The organization works legally and publicly to improve the conduct of law enforcement authorities in the West Bank. The organization petitioned the Supreme Court of Israel (High Court of Justice, HCJ) demanding the release of protocols/transcripts of military courts, where its volunteers observed the proceedings. Following the petition, the state attorney announced that the organization will be given a "general review permit" for the military courts' files.

In 2015 the organization published a report entitled "Standing Idly By", dealing with the conduct of IDF soldiers during incidents in which they witness violence against Palestinians committed by Israeli citizens in the West Bank. The organization claims that IDF did not formulate clear instructions and procedures on how soldiers should act in such incidents.

===Illegal Israeli construction===
Yesh Din monitors illegal construction conducted on privately owned Palestinian land and the expansion of Israeli settlements on public land. The organization wishes to "enforce systemic changes in Israeli authorities who oversee planning and law enforcement". The organization filed several petitions to the HCJ which led, among other things, to the evacuation of Ulpana hill in Beit El and to the decision to evacuate the Amona illegal Israeli outpost.

Yesh Din planned to use a classified Israeli government database to prove that many West Bank Israeli settlements were built on land privately owned by Palestinian citizens without compensation.

==Staff==

The organization's Executive Director is Attorney Ziv Stahl, survivor of the Kfar Aza massacre. The organization's activity is based on the work of a professional team of legal counsels, field researchers and research staff, alongside volunteers who collect the information and check its reliability.

A public council works alongside the organization, with the following members: Prof Orna Ben-Naftali (founder of The Émile Zola Chair for Human Rights); former Attorney General of Israel; Michael Ben Yair; former Knesset member, Prof Naomi Chazan; accountant and journalist Dan Bavly; co-founder and President Emeritus of the Jerusalem Foundation, Ruth Cheshin; playwright Joshua Sobol; Prof Uzy Smilansky; Colonel (Ret.) Paul Kedar (former Israeli consul general in New York City); Attorney Yehudit Karp (former Deputy Attorney General of Israel); industrialist Yair Rotlevy; historian Zeev Sternhell; journalist Akiva Eldar; and sculptor and Israel Prize laureate Dani Karavan.

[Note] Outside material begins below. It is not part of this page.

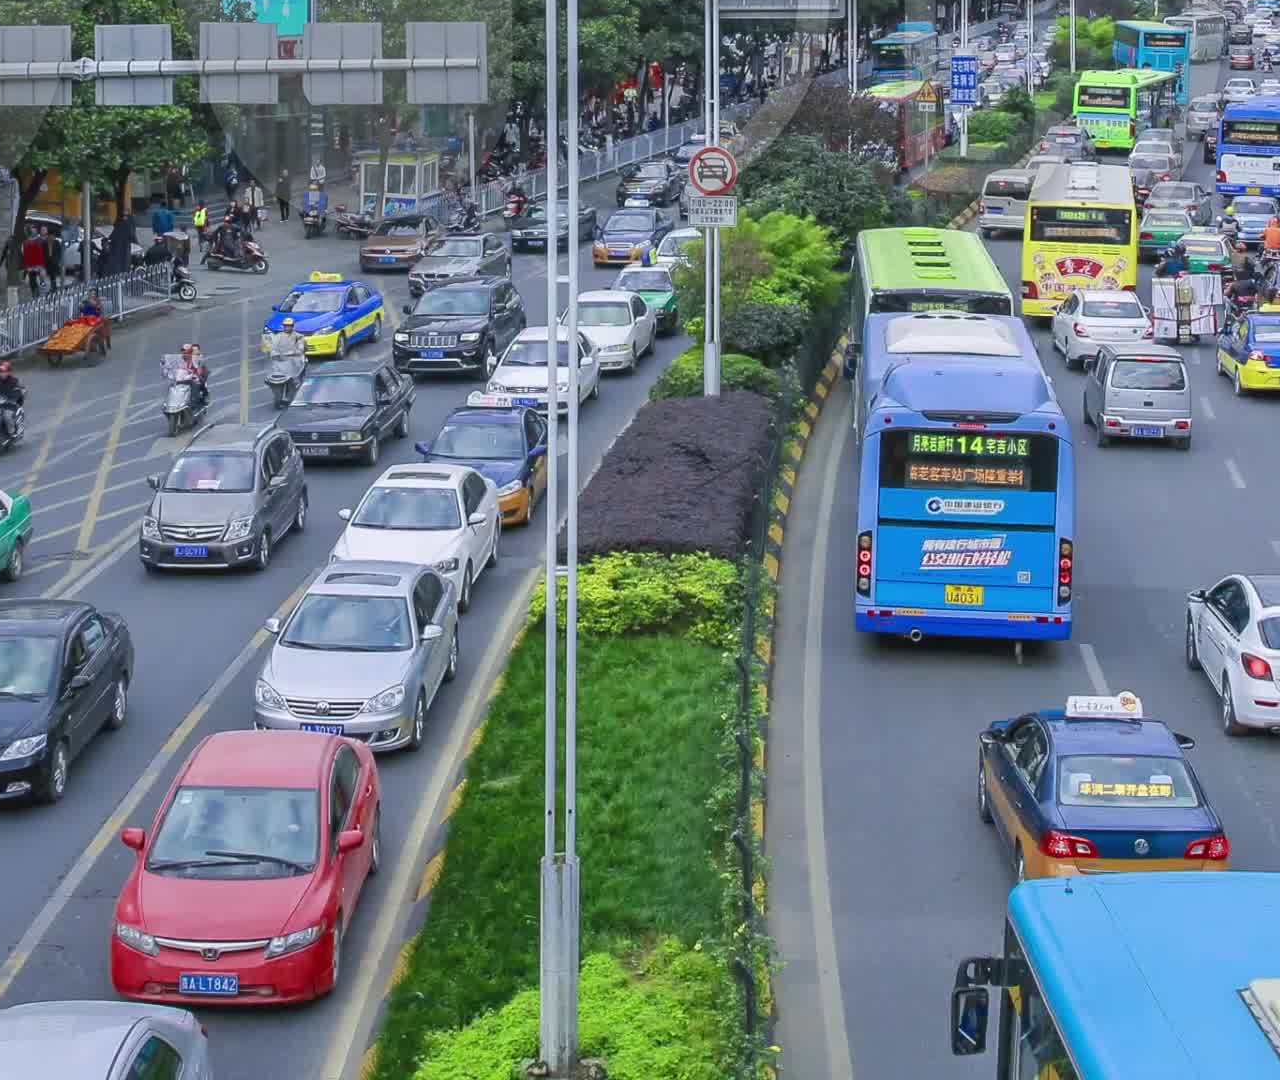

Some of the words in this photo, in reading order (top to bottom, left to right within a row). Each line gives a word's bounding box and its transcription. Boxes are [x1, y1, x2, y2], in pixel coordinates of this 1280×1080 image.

[957, 435, 985, 455] 14
[986, 437, 1031, 458] 宅吉小区
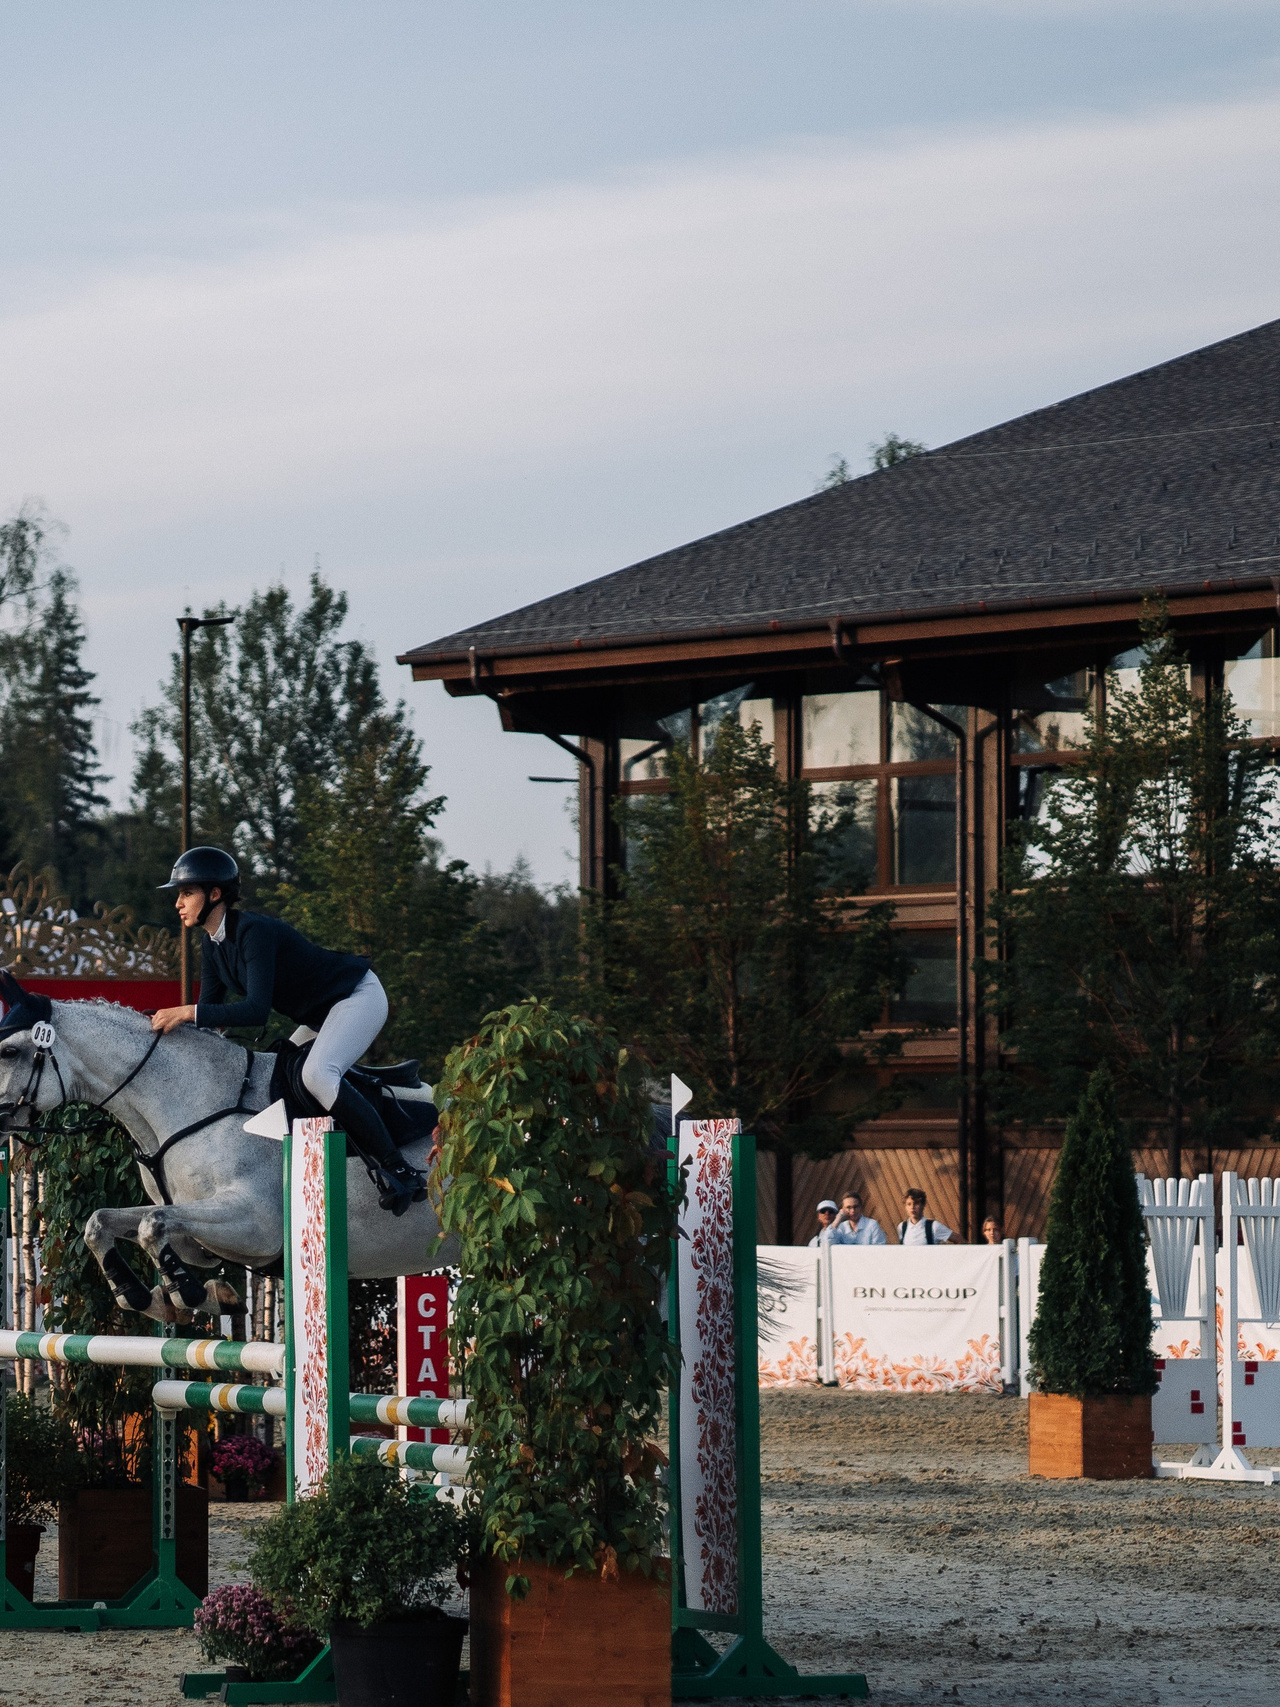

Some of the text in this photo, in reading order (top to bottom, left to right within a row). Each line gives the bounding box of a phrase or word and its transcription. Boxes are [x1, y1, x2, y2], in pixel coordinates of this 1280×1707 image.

An official with a senior role in the organization from 2008 to 2016 was field researcher Muhannad Anati. Anati was previously a member of a terror group and was convicted of killing an Israeli informant and of other crimes. He had served 9 years in Israeli prison for these crimes.

==Funding==

Yesh Din is a not-for-profit organization. In order to maintain its independence, the organization does not accept direct or indirect donations from Israeli or Palestinian government bodies. In 2007, the organization received donations in the sum of 1,895,078 NIS; in 2008 it was 3,125,875 NIS; and in 2009 it was 4,361,947 NIS.

Donations were received from the European Union, governments of Norway, Netherlands, Ireland, Germany, United Kingdom and various foundation such as: NDC, Oxfam, the Open Society Foundations of George Soros, The Naomi and Nehemia Cohen Foundation and the New Israel Fund.

==Criticism==

The organization was accused by the Israeli right-wing of working to promote the Palestinian narrative in the Israeli–Palestinian conflict under the guise of concern for human rights; and that its work and the terminology it applies are being used as instruments by organizations which work to de-legitimize the state of Israel around the world.

In December 2010, the daily newspaper Israel Hayom published Yesh Din's documents listing its missions for the years 2011–2012, among them "inserting the issue of war crimes" into legal, public and media discourse.

IDF spokesperson commented on a report published by Yesh Din and claimed it suffers from various flaws resulting from partial examination of the data, problematic research methods, insufficient familiarity with the legal system in the West Bank and avoiding a comparison to similar legal systems in the Western world. Following the criticism and public protest against the organization, IDF and Israel Police decided to cancel their participation in the conference held by the organization in May 2015.